While the benchmark indices are trading in the positive terrain after the GST 2.0 announcements, sectoral indices are showcasing similar trends, with Nifty FMCG rallying by 1.7%, right after Nifty Auto, which is up by 1.74%.
Leading the pack is Britannia Industries, which is up by 4.65%, bringing its share price to Rs 6,181. It reached an intraday high of Rs 6,336, and its market capitalisation stands at Rs 1.47 lakh crore. In the last five days, it has recorded an upside of 5.59%, and 7.15% in the past month.
Right behind are Colgate Palmolive and Emami, rising by 4.08% each, with shares priced at Rs 2475 and Rs 615 apiece, respectively.
The bigger laggards that are pulling the FMCG index down are Godrej Consumer Products and Tata Consumer Products, each dipping by 1.68% and 1.35% respectively.
From the Nifty 50 pack, FMCG companies such as Nestle India, Hindustan Unilever and ITC too are trading in the green. Nestle India is trading above 2.50% at Rs 1224, while Britannia is up by 1% at Rs 2692 apiece.

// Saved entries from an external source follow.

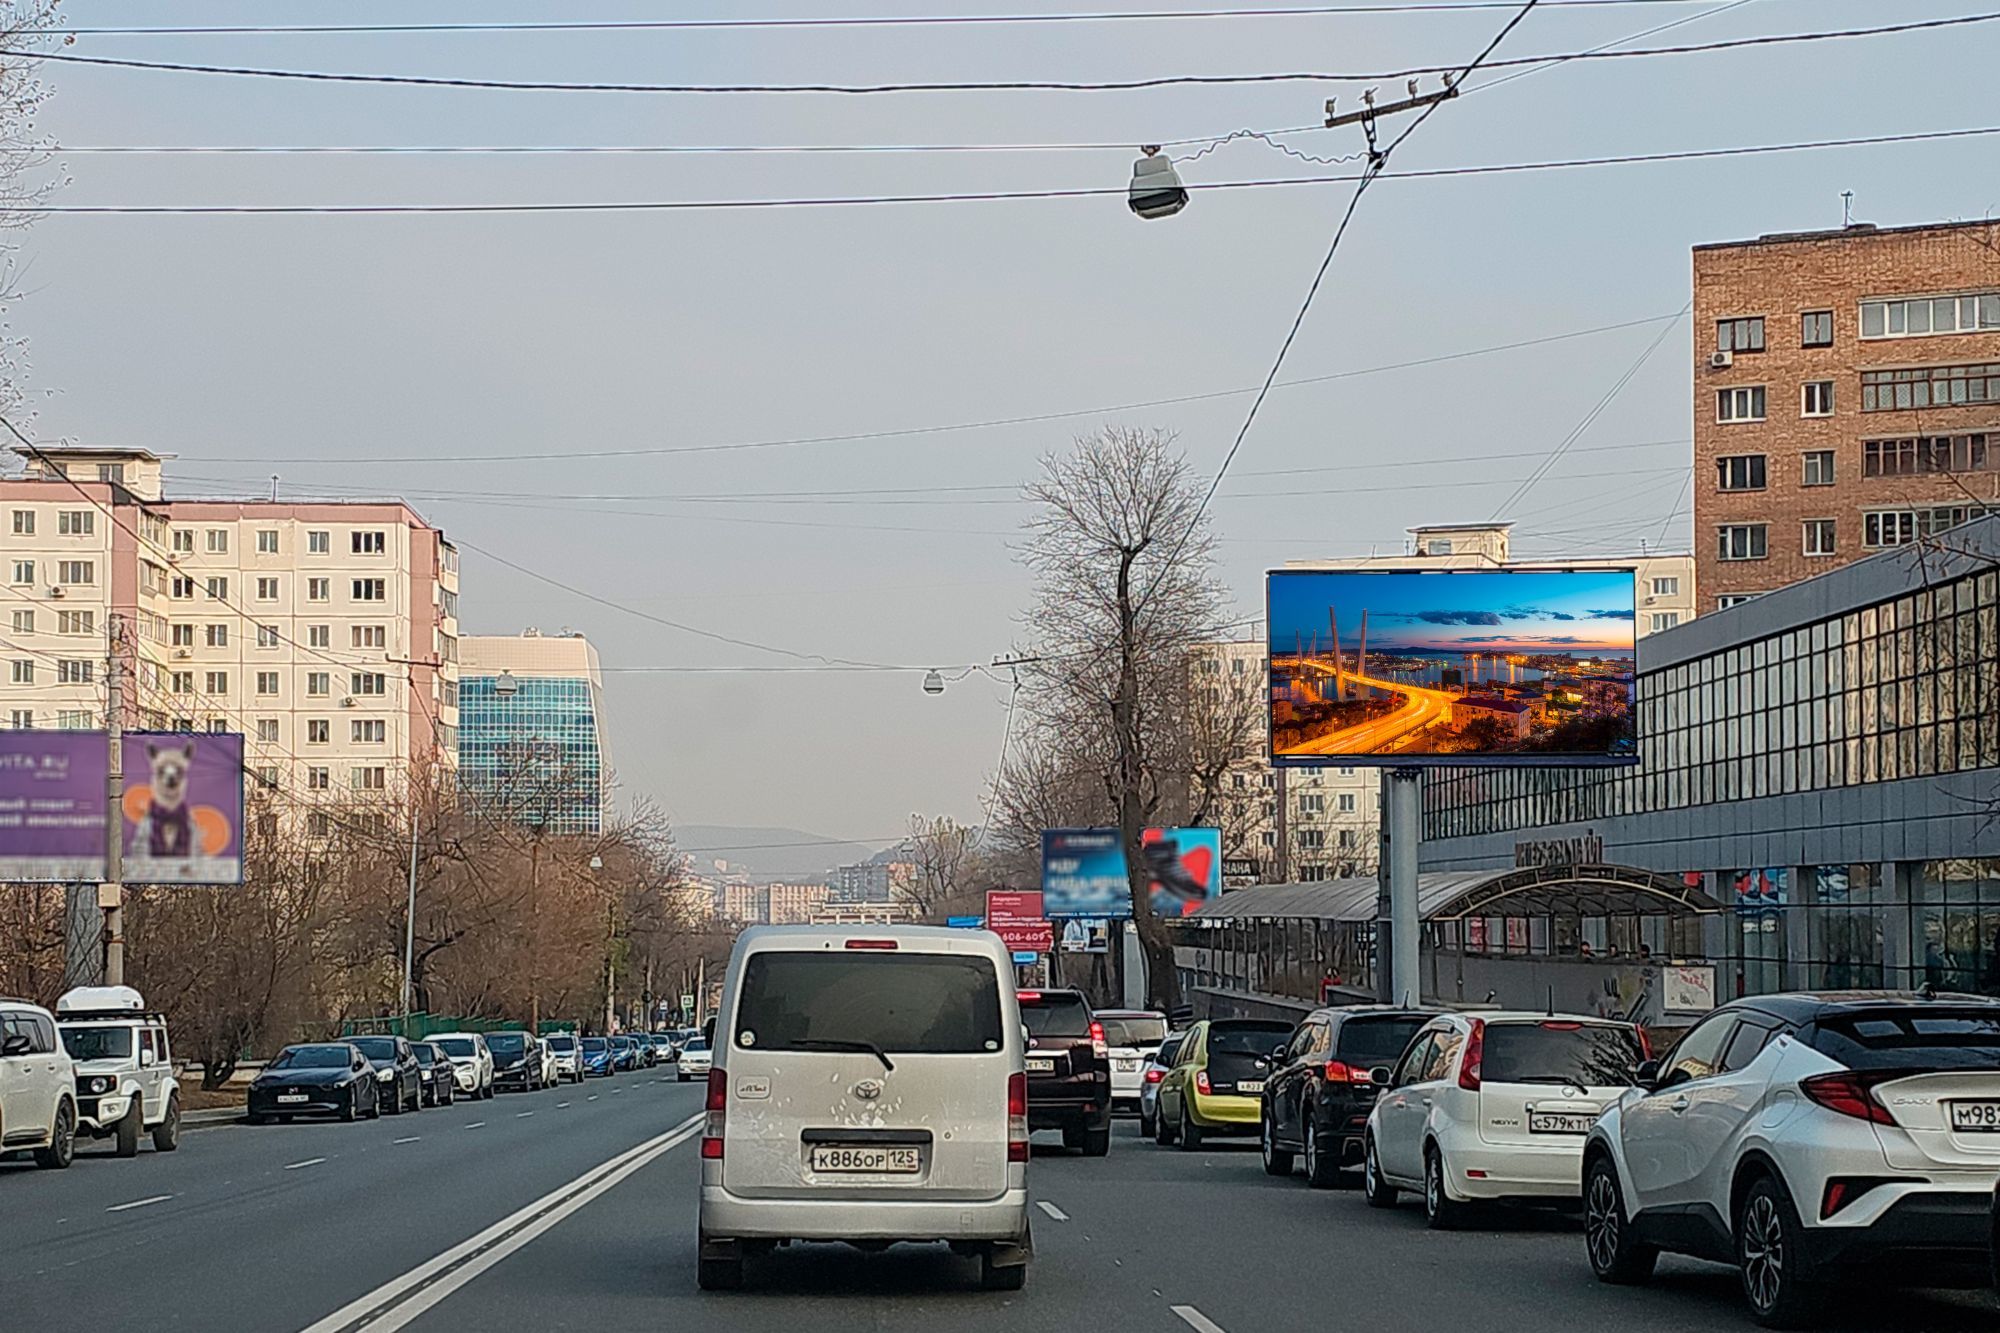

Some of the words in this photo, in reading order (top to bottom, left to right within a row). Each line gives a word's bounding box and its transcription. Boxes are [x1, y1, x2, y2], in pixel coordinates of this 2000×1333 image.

[1003, 932, 1045, 941] 606-609
[1957, 1105, 2000, 1125] М98
[819, 1151, 885, 1168] К886ОР
[889, 1150, 914, 1164] 125
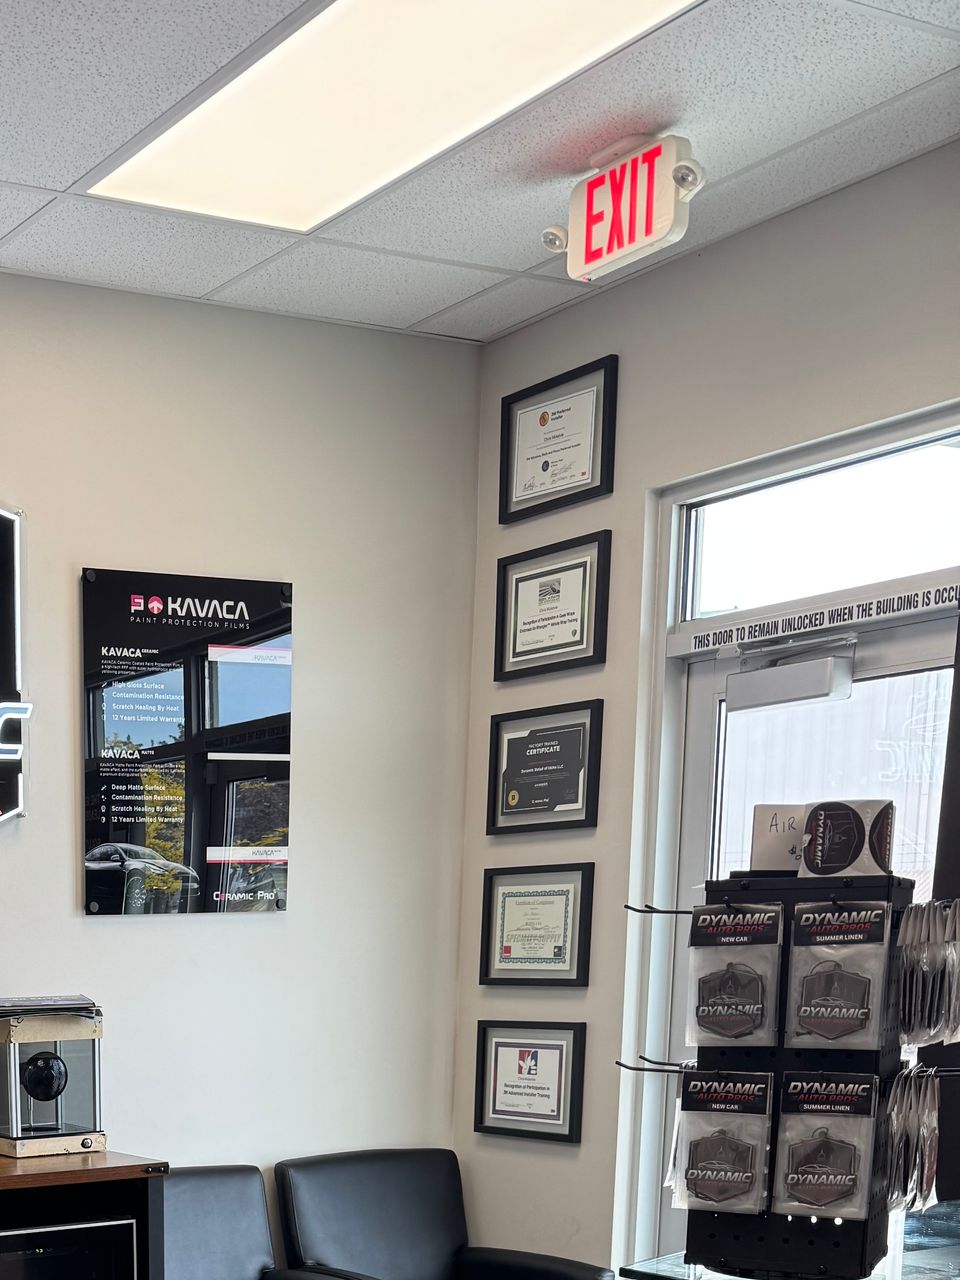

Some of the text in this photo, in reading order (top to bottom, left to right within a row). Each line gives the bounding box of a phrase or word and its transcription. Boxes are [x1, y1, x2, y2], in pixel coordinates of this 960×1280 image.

[584, 143, 662, 265] EXIT
[167, 596, 249, 620] KAVACA
[130, 616, 250, 630] PAINT PROTECTION FILMS
[693, 632, 711, 650] THIS
[712, 628, 733, 646] DOOR
[735, 626, 745, 642] TO
[747, 619, 779, 640] REMAIN
[781, 611, 825, 633] UNLOCKED
[828, 605, 854, 624] WHEN
[856, 601, 874, 619] THE
[876, 592, 919, 616] BUILDING
[921, 590, 931, 607] IS
[101, 646, 142, 658] KAVACA
[112, 691, 153, 699] Contamination
[101, 749, 140, 759] KAVACA
[526, 745, 561, 756] CERTIFICATE
[769, 812, 798, 833] AIR
[814, 811, 825, 868] DYNAMIC
[697, 912, 776, 926] DYNAMIC
[800, 910, 882, 926] DYNAMIC
[706, 924, 765, 933] AUTO PROS
[810, 922, 872, 933] AUTO PROS
[698, 1004, 762, 1016] DYNAMIC
[799, 1006, 868, 1019] DYNAMIC
[688, 1081, 766, 1096] DYNAMIC
[788, 1081, 870, 1096] DYNAMIC
[697, 1093, 755, 1102] AUTO PROS
[798, 1093, 858, 1102] AUTO PROS
[687, 1170, 752, 1183] DYNAMIC
[787, 1174, 856, 1185] DYNAMIC

ITC, which makes most of its profit from cigarette sales, is seeing its share price increase by 1.57%, to Rs 418. This could be attributed to the Finance Minister Nirmala Sitharaman announcing till the time loans taken for compensating the states during the COVID-19 pandemic do not get repaid, items like tobacco-related products will continue to be under 28%. After that, they will shift to 40%.

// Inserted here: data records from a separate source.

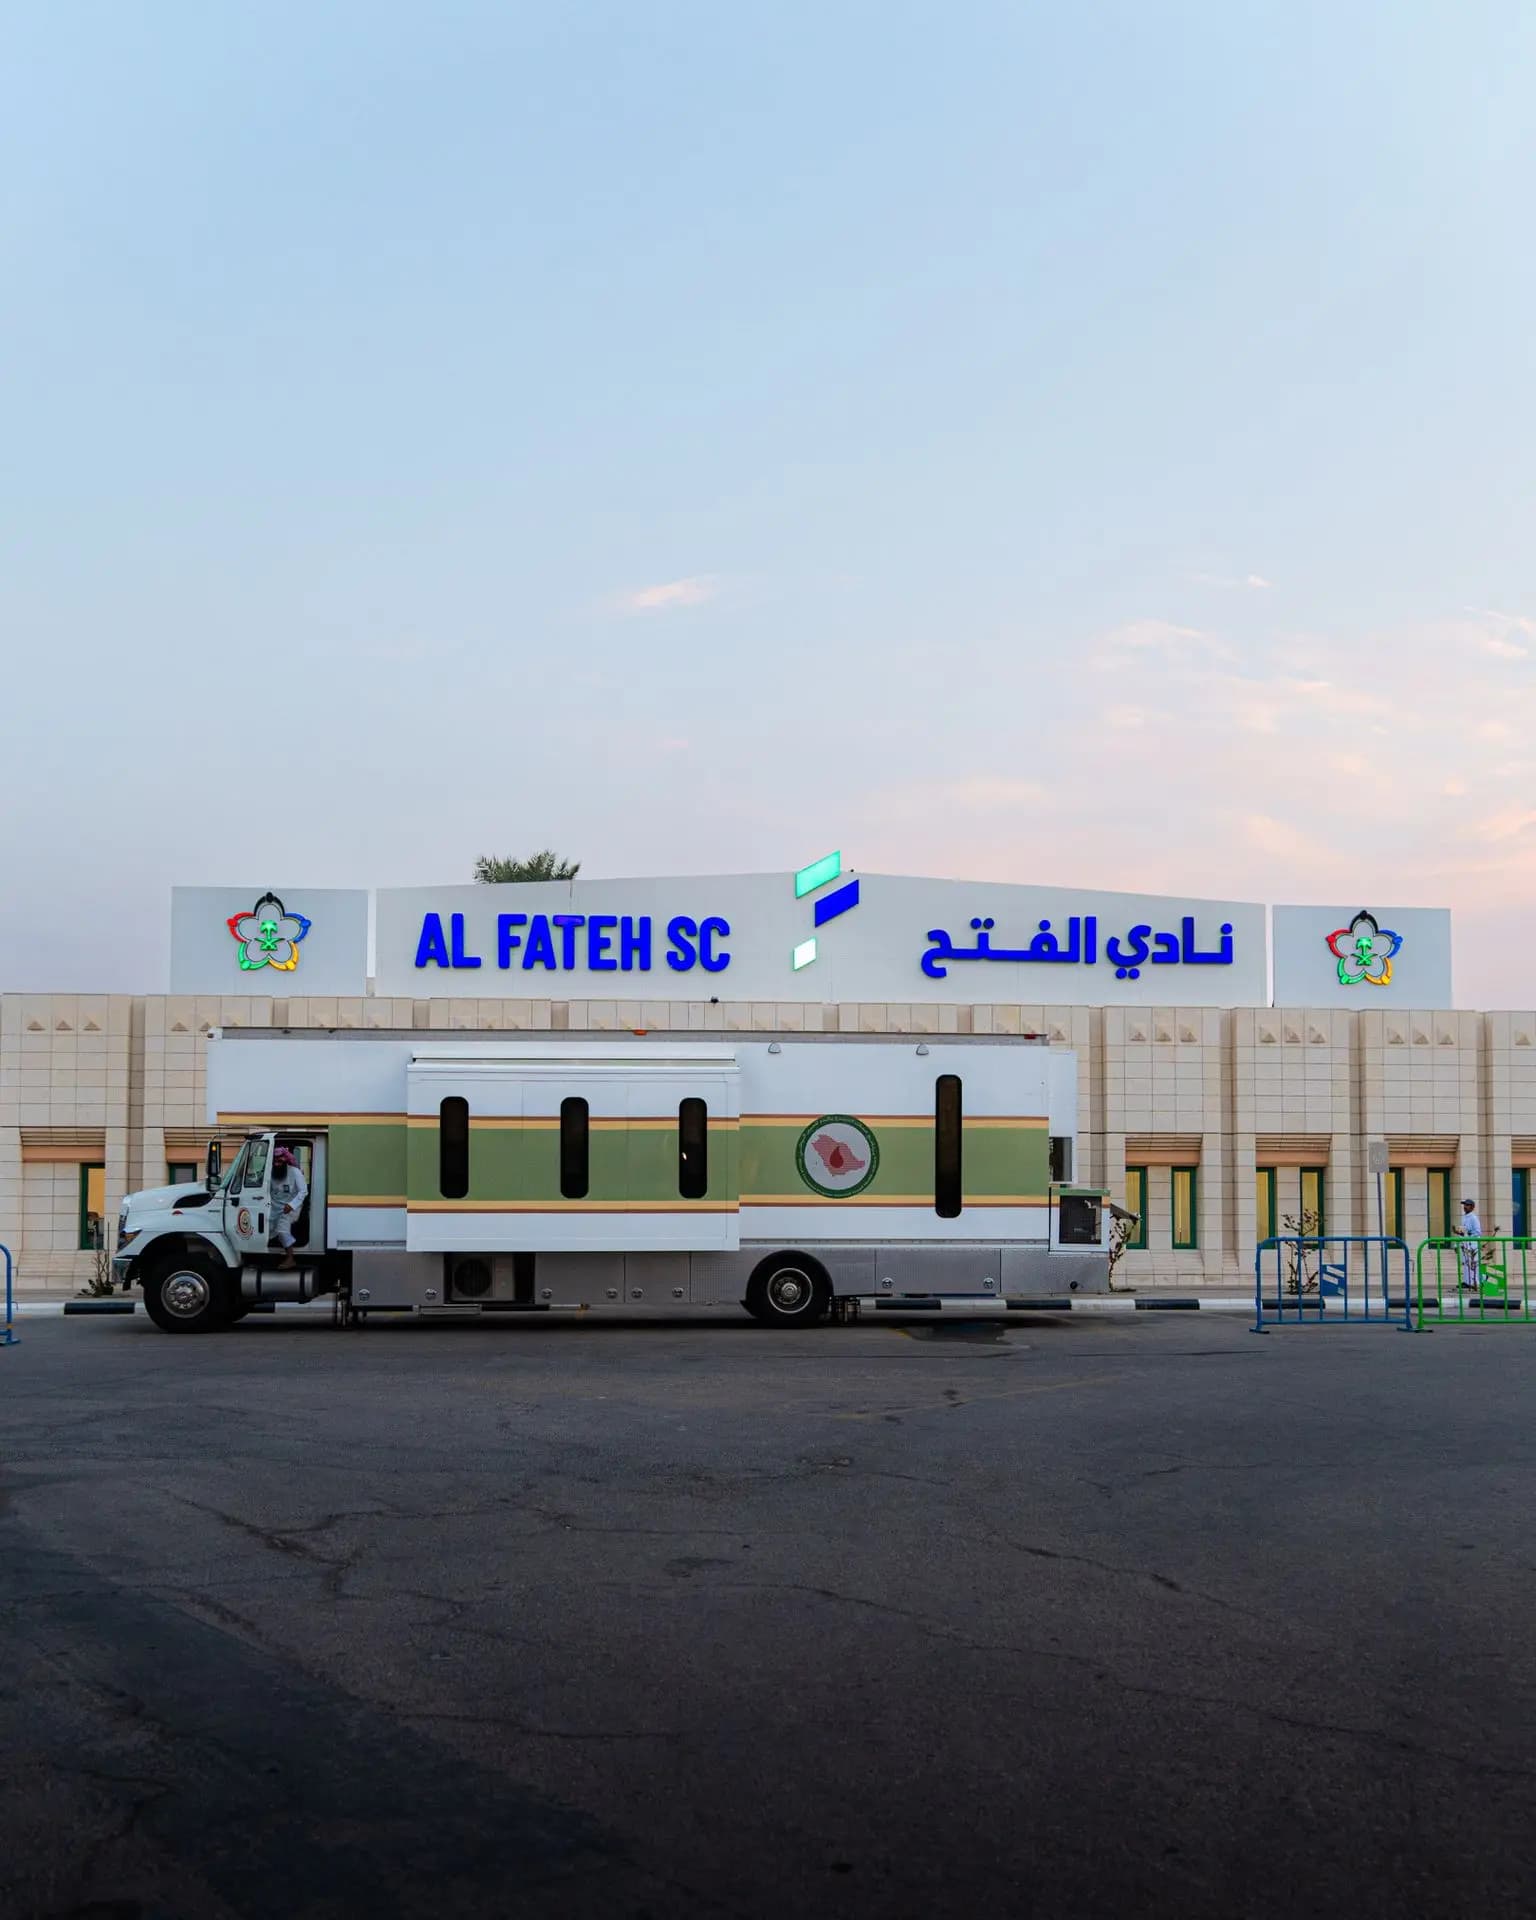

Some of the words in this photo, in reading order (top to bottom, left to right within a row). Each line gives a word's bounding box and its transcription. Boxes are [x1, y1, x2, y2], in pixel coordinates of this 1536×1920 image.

[415, 912, 482, 968] AL
[497, 913, 652, 971] FATEH
[666, 915, 731, 973] SC
[921, 915, 1097, 979] الفتح
[1106, 916, 1234, 980] نادي

Companies that make aerated and carbonated beverages, caffeinated and other non-alcoholic drinks would be negatively impacted, as these items have been moved to the new 40% tax slabs. United Spirits was trading lower by 0.78%, Varun Beverages fell by 0.24%, while Globus Spirits recorded a steeper fall of 1.68%.
As per a JM Financial Institutional Securities report, the impact of lower GST rates on consumer demand or the profitability of companies will depend on the extent of pass-through by companies. “We expect stocks in all the large beneficiary segments to react positively to this development,” the report stated.
“By cutting rates across a wide spectrum—from everyday essentials and insurance products to big-ticket purchases like automobiles and home appliances—the reforms touch virtually every corner of household consumption. This move not only leaves more disposable income in the hands of consumers but also sets the stage for a broad-based boost to demand," said Mr. Pranab Uniyal, Head - HDFC Tru, HDFC Securities.
According to Uniyal, as these indirect taxes are inherently regressive, which take a larger share of income from the poor and middle class, these reductions deliver disproportionate benefits to these segments, enhancing affordability and strengthening consumption-led growth.